Google’s new “website optimiser” is one of the biggest and most exciting user research tools to emerge on the scene in quite some time.
It’s a bit surprising, then, that hardly anyone in the User Centred Design field is talking about it. Perhaps it’s passed a lot people by – after all, it does have a rather bland name, it’s been released alongside Adwords (their advertising product), and the sales blurb says that it’s for “online marketers”, which is not a title normally associated with UCD.
Basically, Google Website Optimizer allows you to evolve your site using live user data. You give it a number of different page elements and it alternates between combinations of them on your live site. It gathers performance data (i.e. click-throughs) and you get a live report on which combination is the most successful.
It’s like natural selection- the good combinations win, the bad ones die, and you sit back and watch it all happen.
But it won’t solve all your design problems – it doesn’t compete with traditional UCD tools like lab-based user testing, participatory design and so on. Its place is at a very specific part of the design process, when you have some very specific questions to ask. Here’s a quick illustration:
A few months ago I did some user testing for a .com start-up who was focussing on achieving a huge number of sign-ups. We held 8 one-on-one user sessions on a prototype of their website. Afterwards we had some great findings. Users had real difficulties understanding the proposition of their service – it was just so new and weird, they have nothing to compare it to. Through a process of behavioural observation, interviewing and low-fi design exercises, we nailed down where the problems were and how to solve them. By the end of it we had a new tag line and step-by-step explanation of the service that most users grasped instantly.

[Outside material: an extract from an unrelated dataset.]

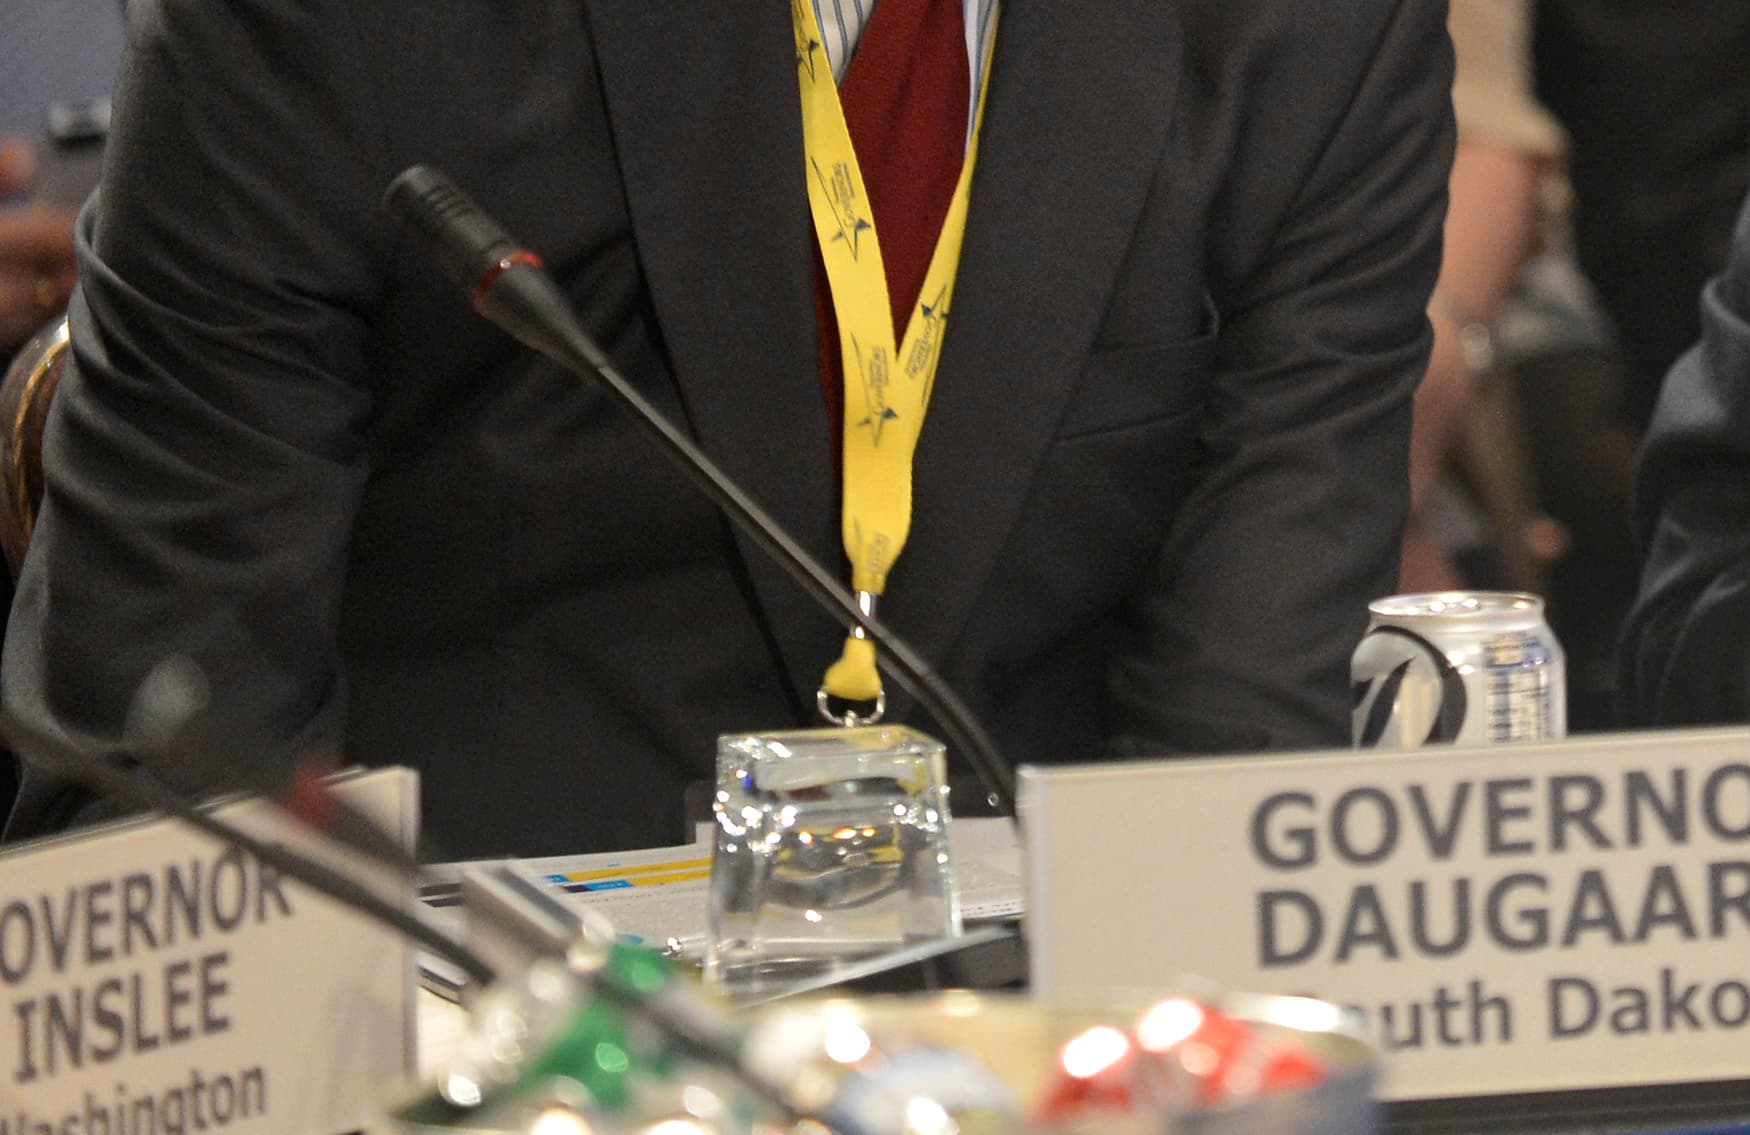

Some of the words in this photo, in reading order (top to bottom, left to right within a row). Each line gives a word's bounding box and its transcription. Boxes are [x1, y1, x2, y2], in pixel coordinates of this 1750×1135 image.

This is something that Google Website Optimizer would not have been able to do. It can’t talk to your users to find out what they are thinking, and it can’t engage with them creatively. With Google Website Optimizer, all the richness of your customers’ needs, goals and expectancies gets left behind. All you get is some numeric data showing what they clicked.
Going back to the example scenario – by the end of the project debrief meeting we got to a point where many of the big issues had been dealt with, but lots of smaller issues started cropping up. Should the copy on the registration button read “Join” or “Sign up”? Should it have some associated copy like “No credit card needed” or “First month free”? What about the bullet points on the front page? We had 6 good ideas but we only had space for 3 bullet points, so which should we choose? You get the picture – we’d sorted out the big issues, but now we needed to finesse. This is exactly where Google Website Optimizer should come in.
In summary: it’s fantastic, but not a magic bullet. Consider it just another tool in your User-Centred Design toolbox.